La australiana Pícnic en Hanging Rock, dirigida en 1975 por el más célebre cineasta surgido de aquel país, Peter Weir, ahondaba en dichos elementos temáticos, sólo que sustituyendo los fantasmas por unas imparables fuerzas telúricas que parecen brotar del misterioso macizo que da nombre a la película, adaptación, por cierto, esta última de la novela homónima de Joan Lindsay (1896–1984).
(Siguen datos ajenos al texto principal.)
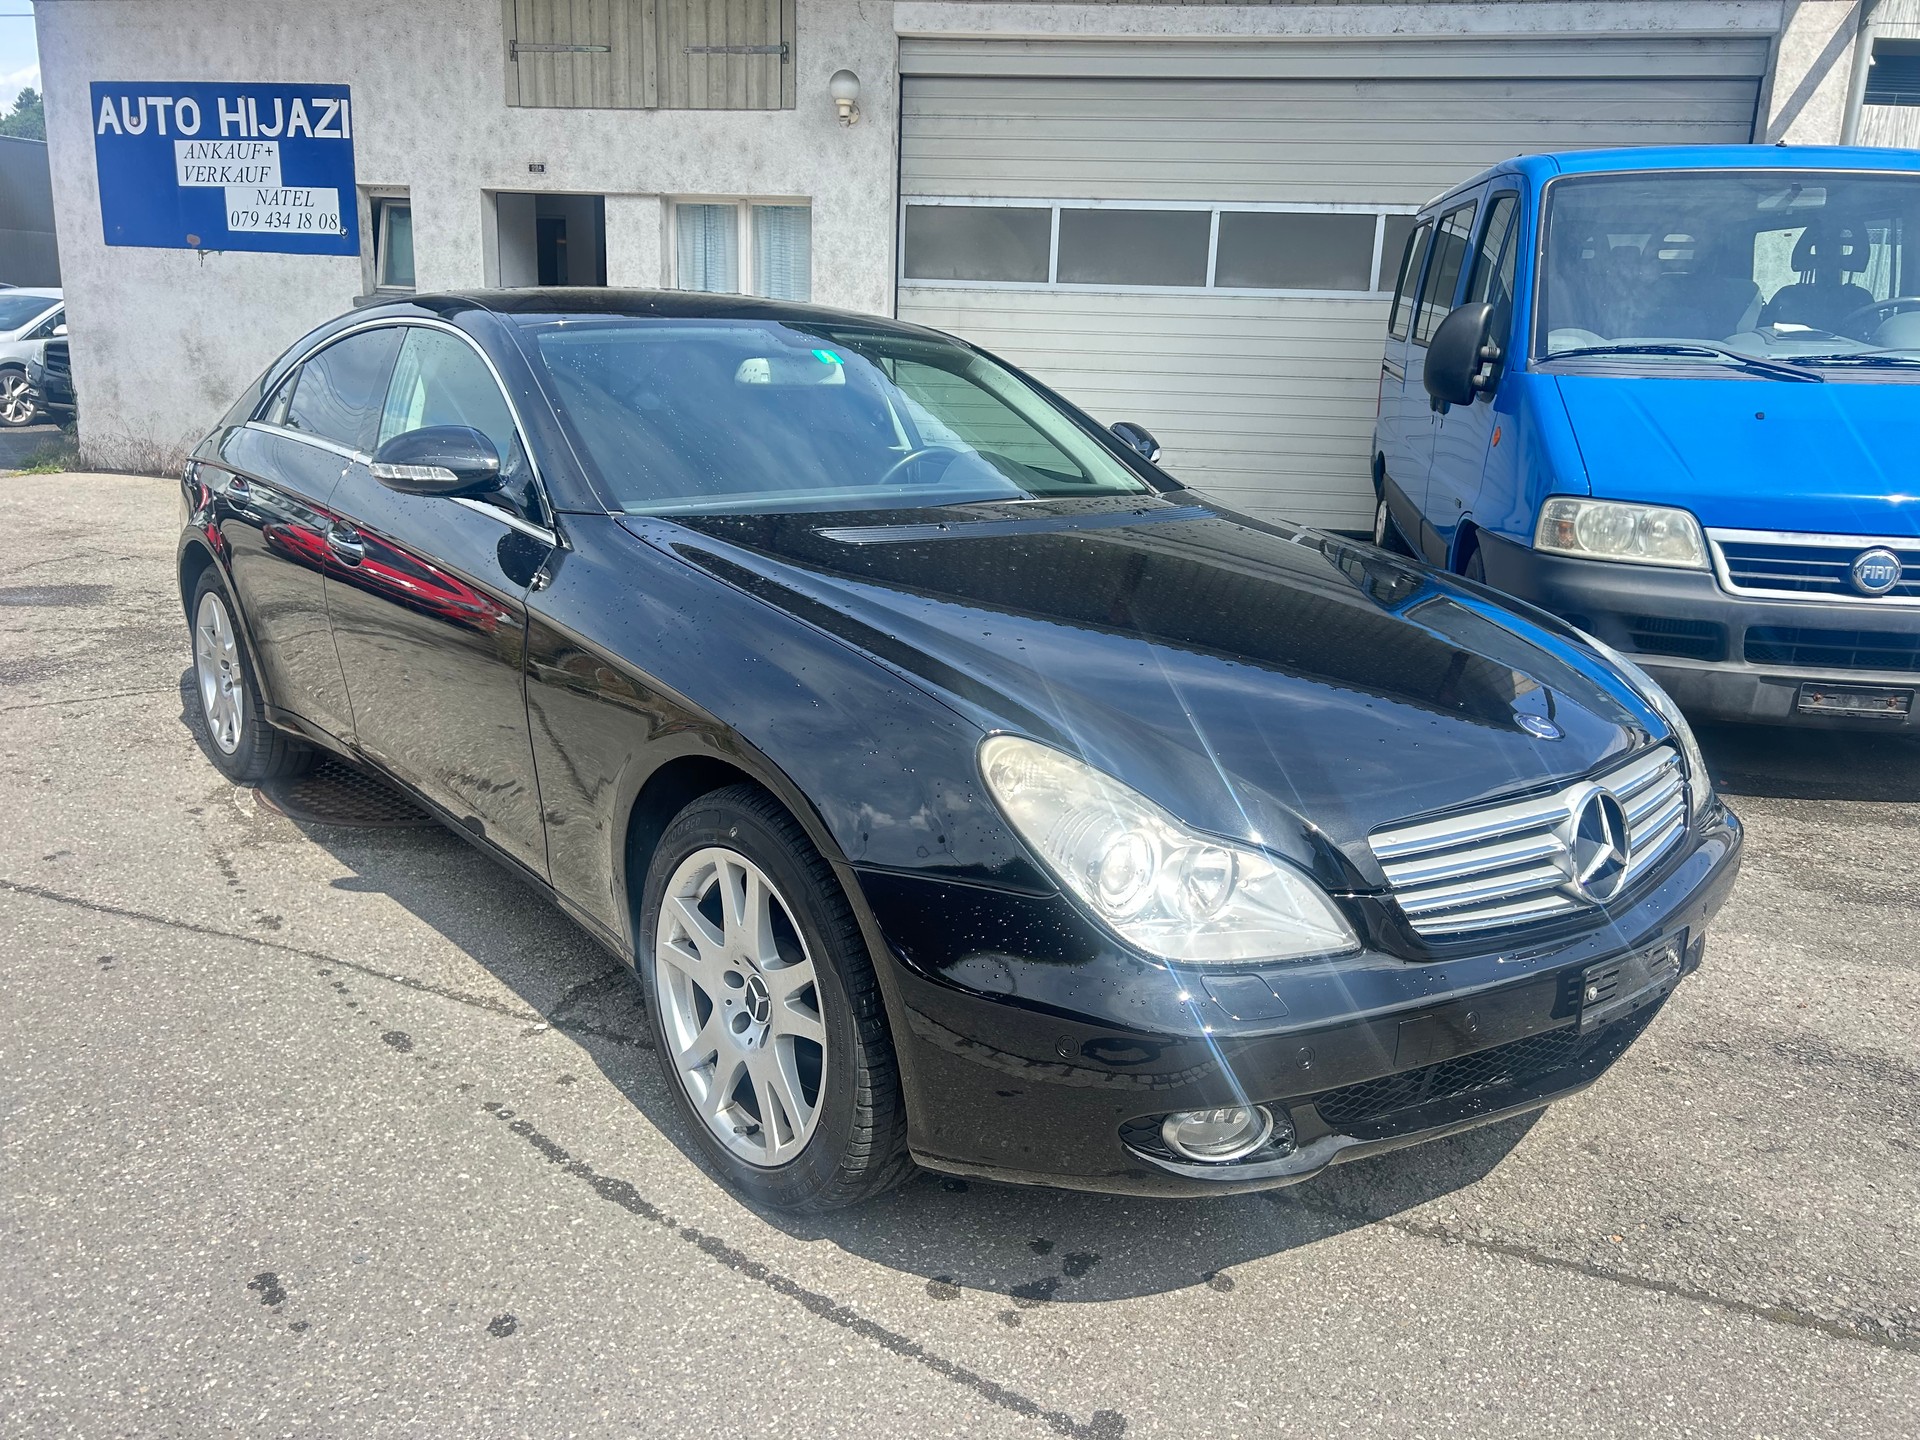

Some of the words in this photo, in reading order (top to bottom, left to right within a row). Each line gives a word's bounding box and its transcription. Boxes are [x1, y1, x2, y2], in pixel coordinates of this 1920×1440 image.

[97, 96, 201, 136] AUTO
[217, 97, 350, 139] HIJAZI
[183, 142, 274, 160] ANKAUF+
[184, 165, 271, 183] VERKAUF
[255, 189, 315, 208] NATEL
[231, 211, 259, 227] 079
[264, 212, 291, 228] 434
[296, 212, 313, 229] 18
[318, 213, 338, 230] 08
[1862, 565, 1893, 580] FIAT
Parece como si en el escenario que aquí se plantea entrasen en colisión dos mundos en principio opuestos: por una parte, el ambiente académico y europeizante del internado para recatadas señoritas que gobierna con mano de hierro la turbadora Mrs. Appleyard (Rachel Roberts); por otro, alguna especie de energía que brota de la tierra y cuyo poder subyugador no sólo provoca que se paren los relojes sin motivo aparente, sino que seduce fatalmente a tres alumnas y una profesora que se perderán en las profundidades de la montaña el día de San Valentín de 1900 para no regresar jamás.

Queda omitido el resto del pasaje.